- _Records for this task_

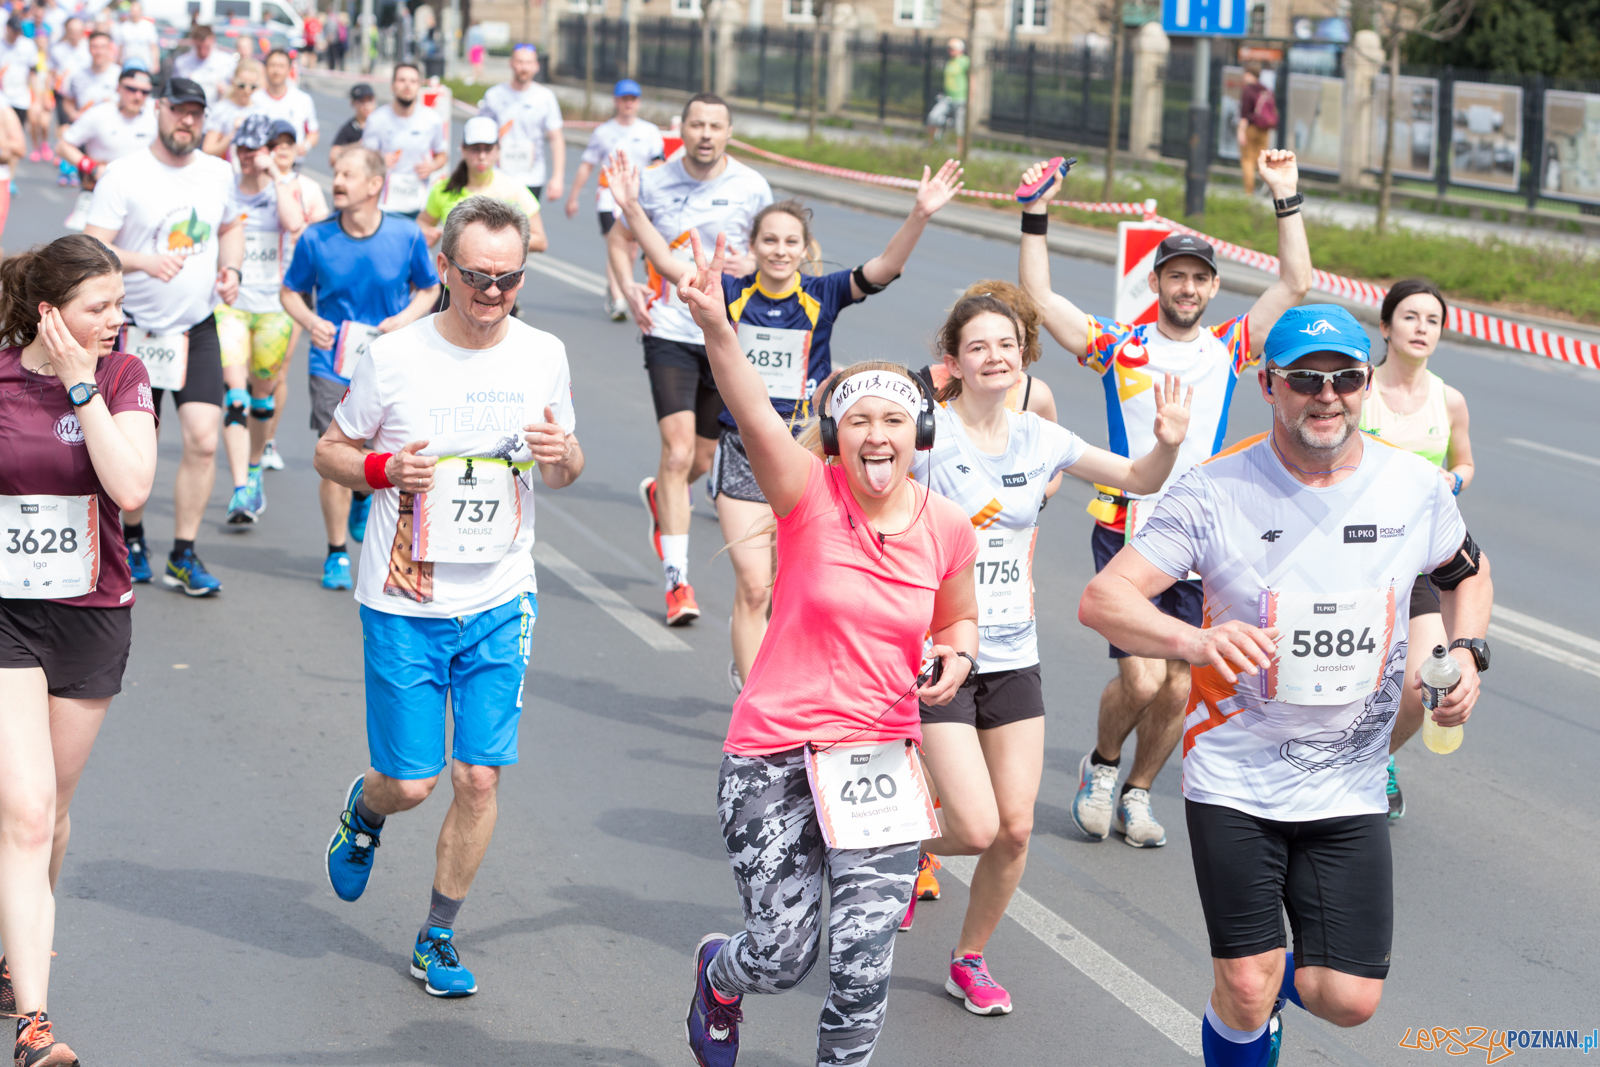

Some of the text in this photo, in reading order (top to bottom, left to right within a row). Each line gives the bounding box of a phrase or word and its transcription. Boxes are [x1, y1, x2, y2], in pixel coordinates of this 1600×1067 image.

[136, 346, 175, 362] 5999
[746, 349, 792, 368] 6831
[466, 388, 524, 404] KOŚCIAN
[429, 405, 524, 435] TEAM
[451, 499, 500, 522] 737
[457, 527, 493, 535] TADEUSZ
[1260, 530, 1283, 542] 4F
[6, 527, 78, 555] 3628
[33, 561, 48, 570] Iga
[975, 559, 1020, 584] 1756
[989, 590, 1012, 598] Joanna
[1291, 627, 1376, 658] 5884
[1313, 663, 1356, 672] Jarosław
[840, 773, 897, 806] 420
[851, 804, 899, 819] Aleksandra
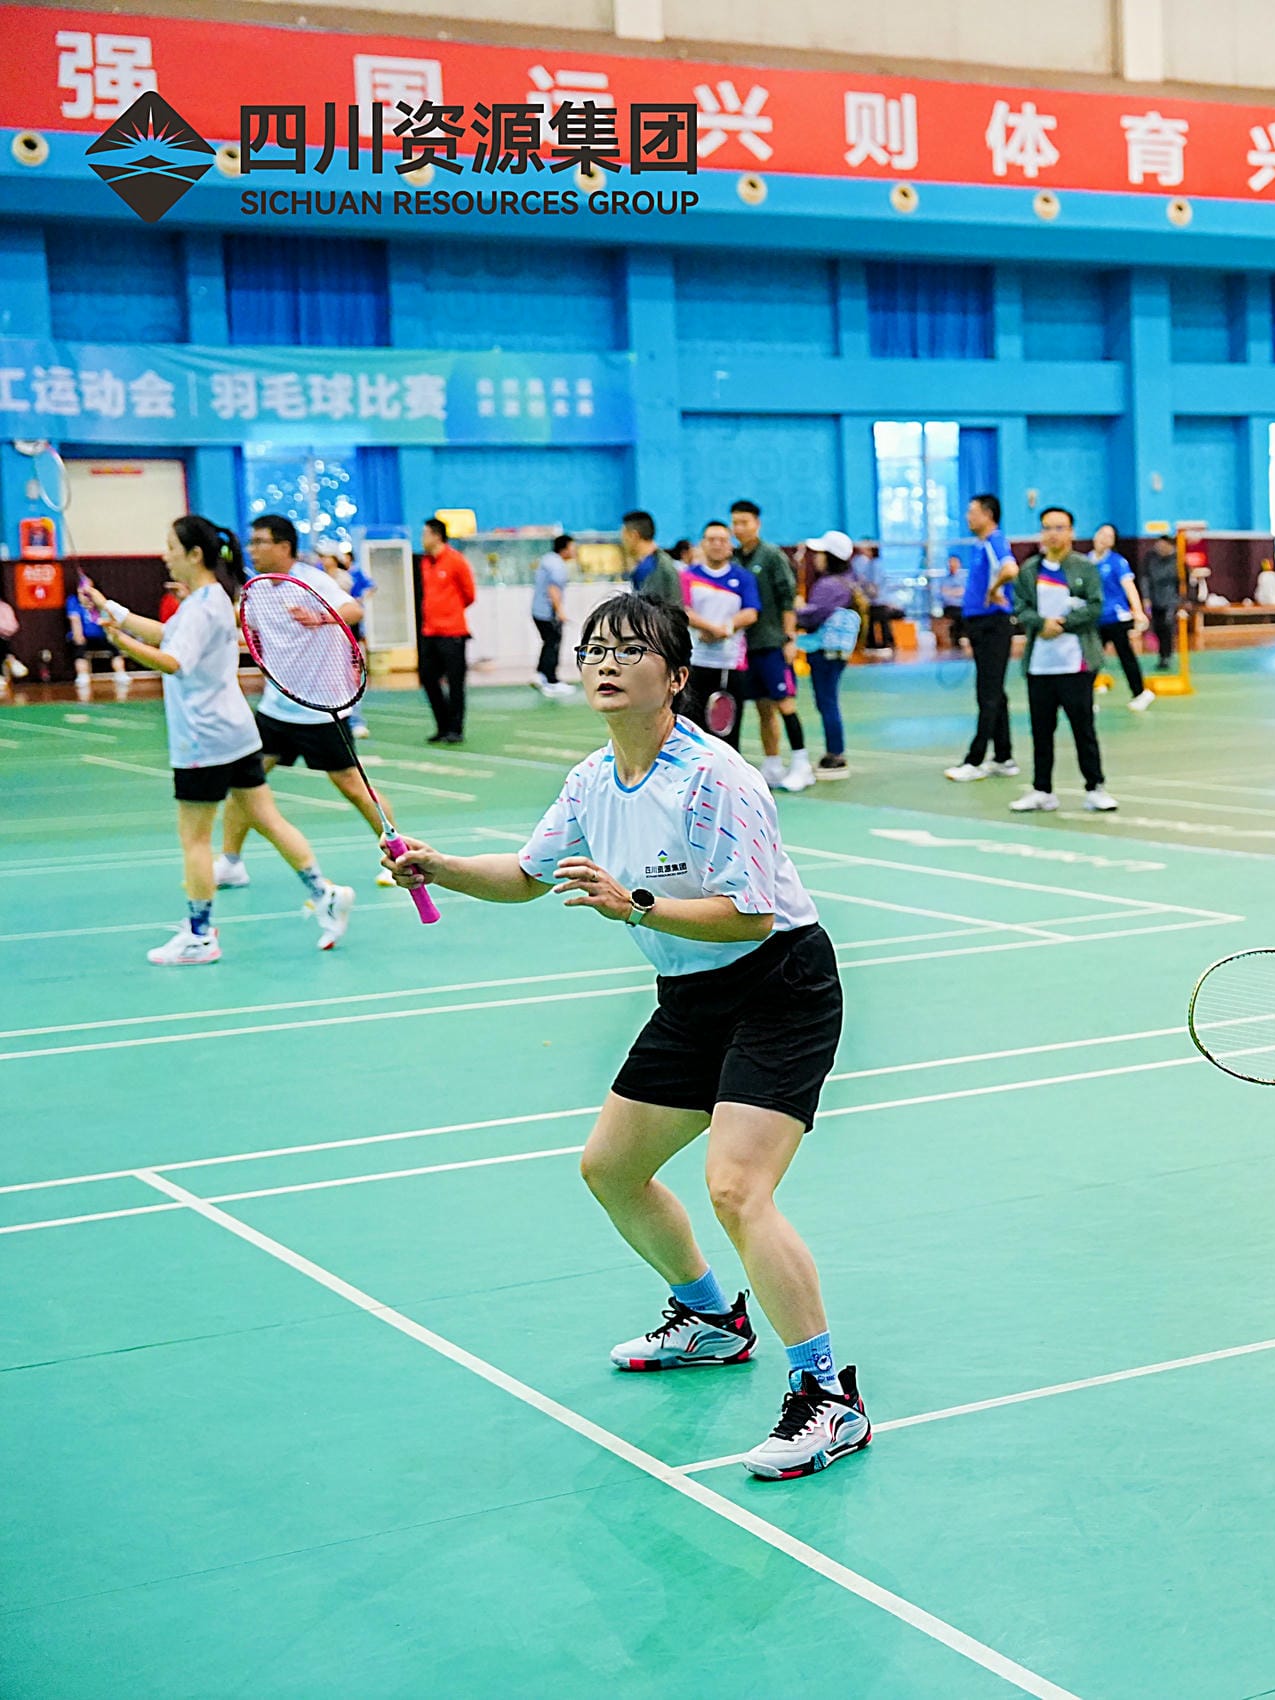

- _Task requirements_
Above are the records; give them all again exactly, apart from the pictures.

- _Reply_
Some of the text in this photo, in reading order (top to bottom, left to right within a row). Each line gives the bounding box of a phrase or word and its transcription. Boxes are [x1, y1, x2, y2], in pixel coordinates of this 1600×1067 image.

[136, 346, 175, 362] 5999
[746, 349, 792, 368] 6831
[466, 388, 524, 404] KOŚCIAN
[429, 405, 524, 435] TEAM
[451, 499, 500, 522] 737
[457, 527, 493, 535] TADEUSZ
[1260, 530, 1283, 542] 4F
[6, 527, 78, 555] 3628
[33, 561, 48, 570] Iga
[975, 559, 1020, 584] 1756
[989, 590, 1012, 598] Joanna
[1291, 627, 1376, 658] 5884
[1313, 663, 1356, 672] Jarosław
[840, 773, 897, 806] 420
[851, 804, 899, 819] Aleksandra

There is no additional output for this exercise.